Annotated photo localization data:

-----

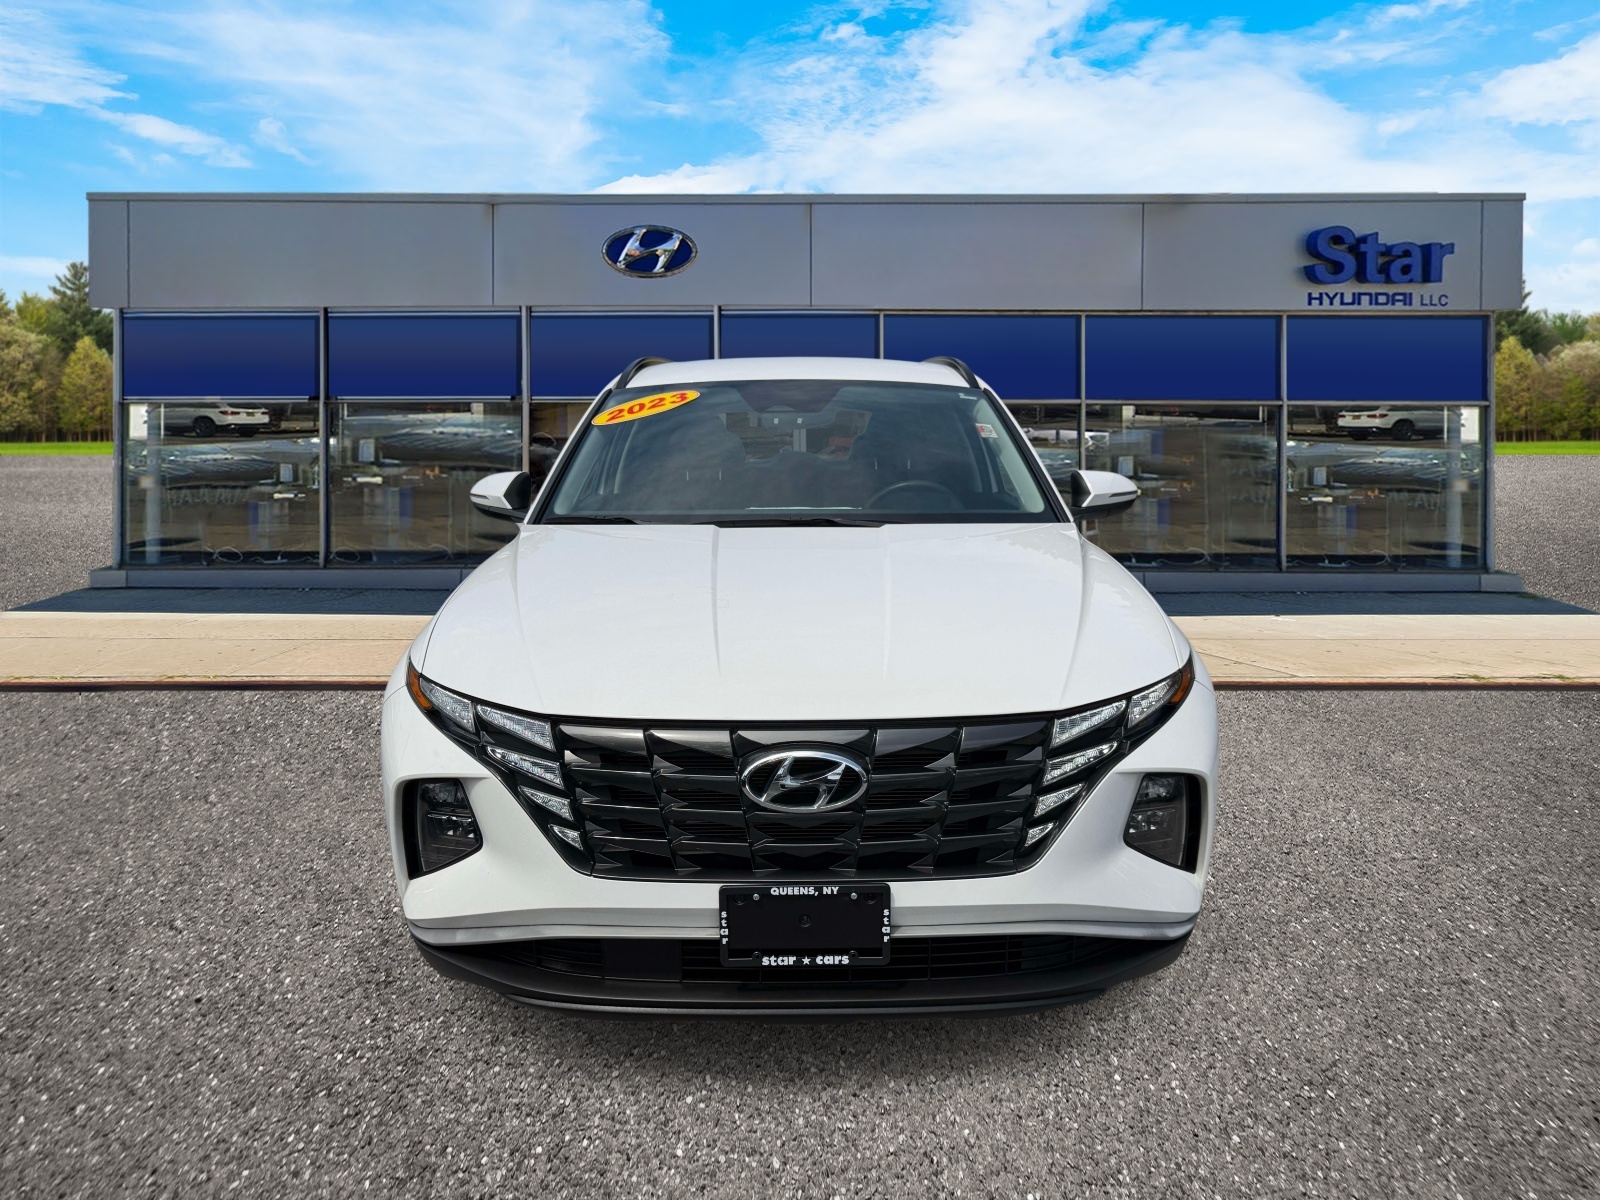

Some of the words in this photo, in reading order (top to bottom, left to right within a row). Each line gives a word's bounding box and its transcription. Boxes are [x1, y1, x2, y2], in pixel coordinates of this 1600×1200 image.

[1303, 225, 1454, 285] Star
[1307, 292, 1413, 306] HYUNDAI
[1420, 294, 1449, 307] LLC
[606, 392, 689, 423] 2023
[770, 886, 818, 896] QUEENS,
[822, 886, 839, 895] NY
[720, 910, 729, 945] star
[881, 908, 891, 943] star
[761, 955, 797, 966] star
[815, 954, 850, 965] cars
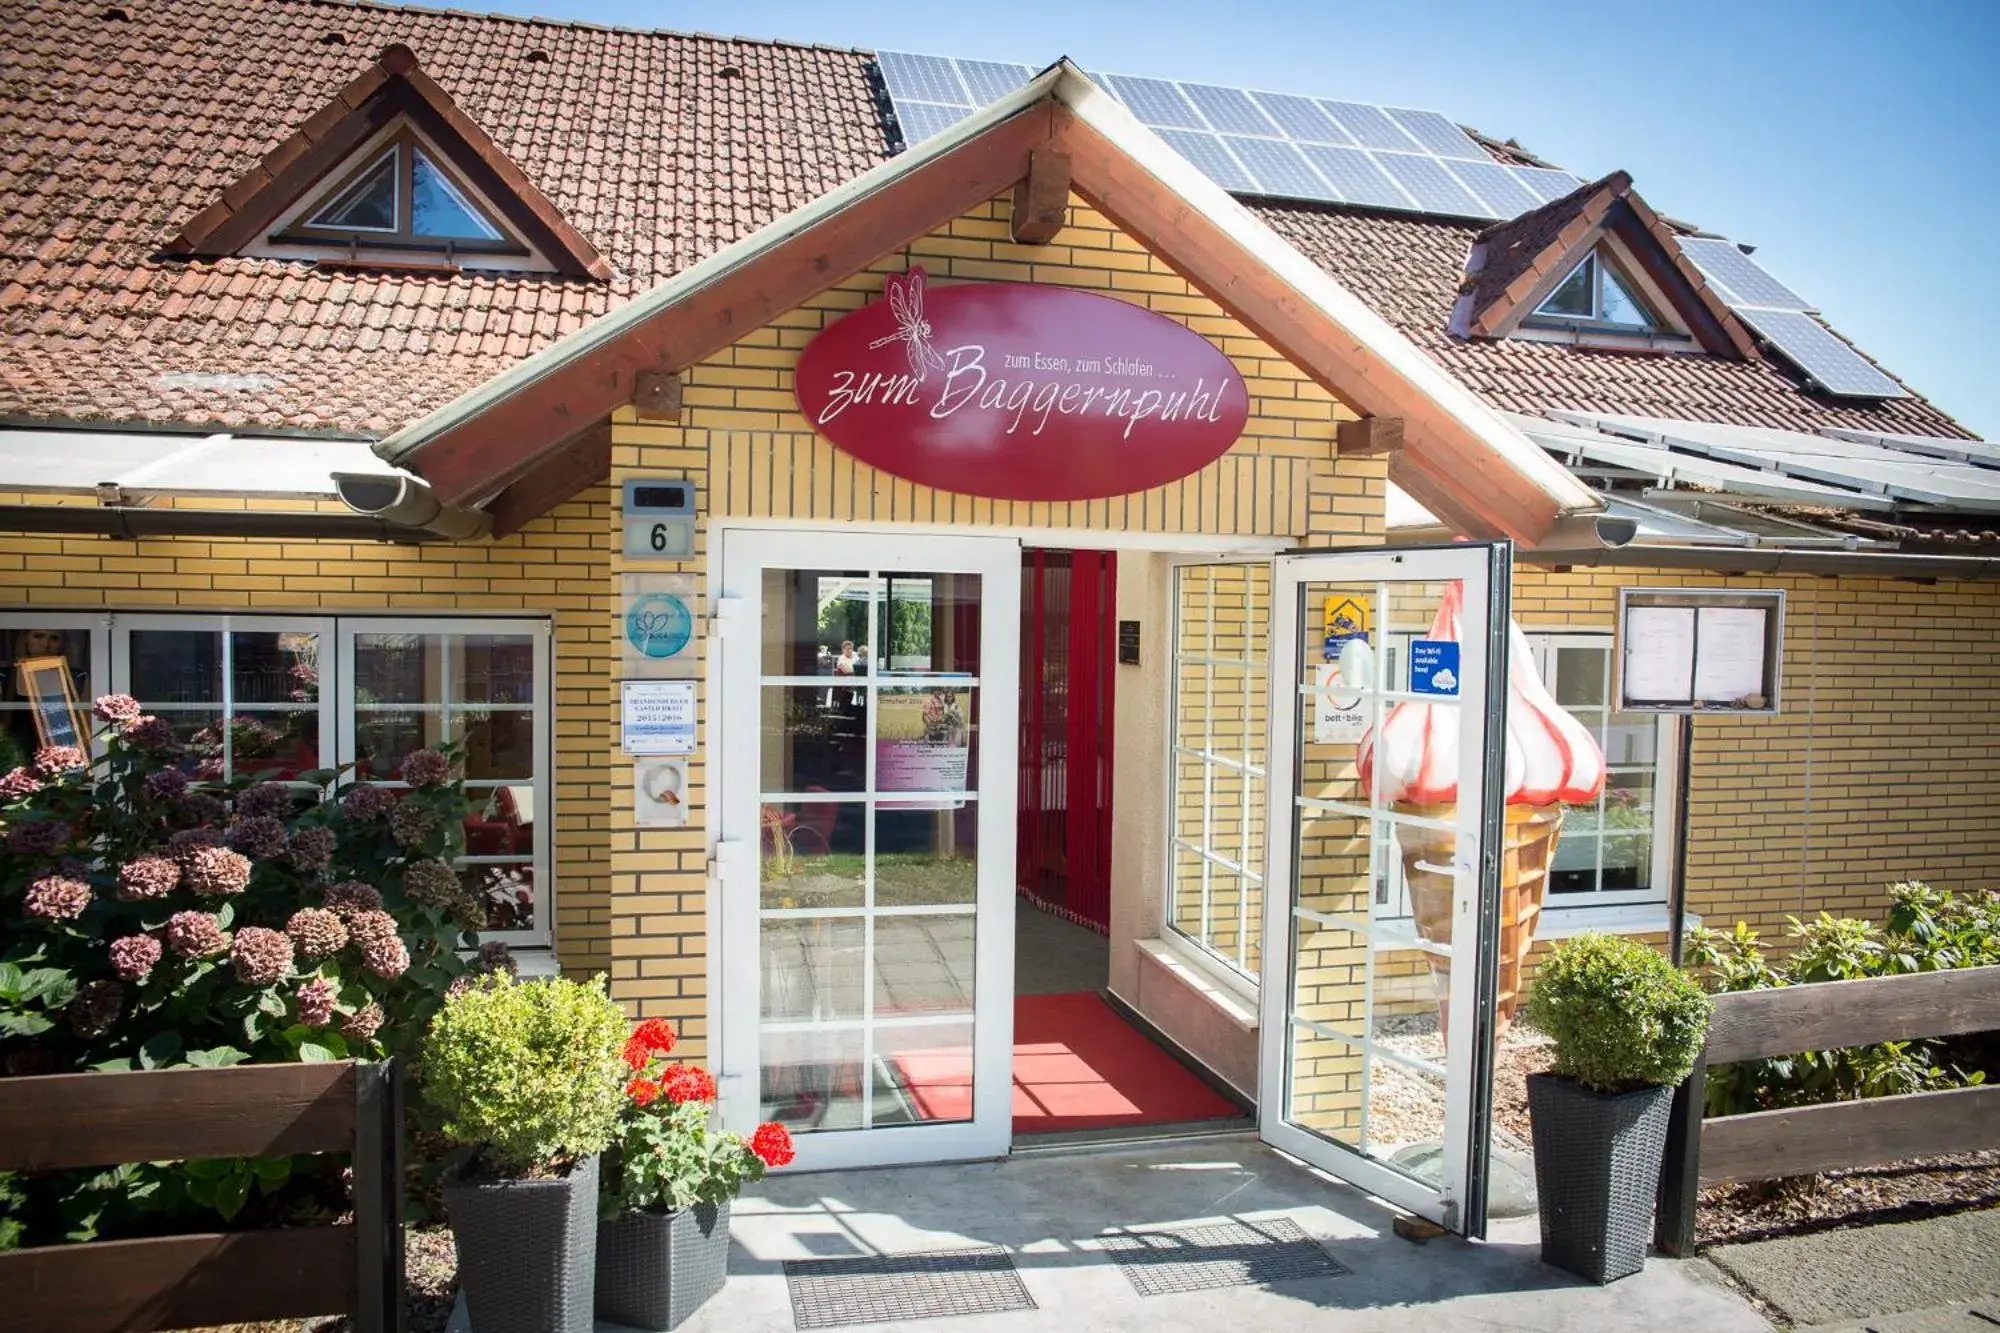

-----

Could every entry be restated word for word, pictures excluded?

- **WRITTEN SOLUTION**:
Some of the words in this photo, in reading order (top to bottom, left to right within a row). Each line gives a word's bounding box and its transcription. Boxes are [x1, y1, x2, y2], in pixel coordinates of this 1600×1200 image.

[1303, 225, 1454, 285] Star
[1307, 292, 1413, 306] HYUNDAI
[1420, 294, 1449, 307] LLC
[606, 392, 689, 423] 2023
[770, 886, 818, 896] QUEENS,
[822, 886, 839, 895] NY
[720, 910, 729, 945] star
[881, 908, 891, 943] star
[761, 955, 797, 966] star
[815, 954, 850, 965] cars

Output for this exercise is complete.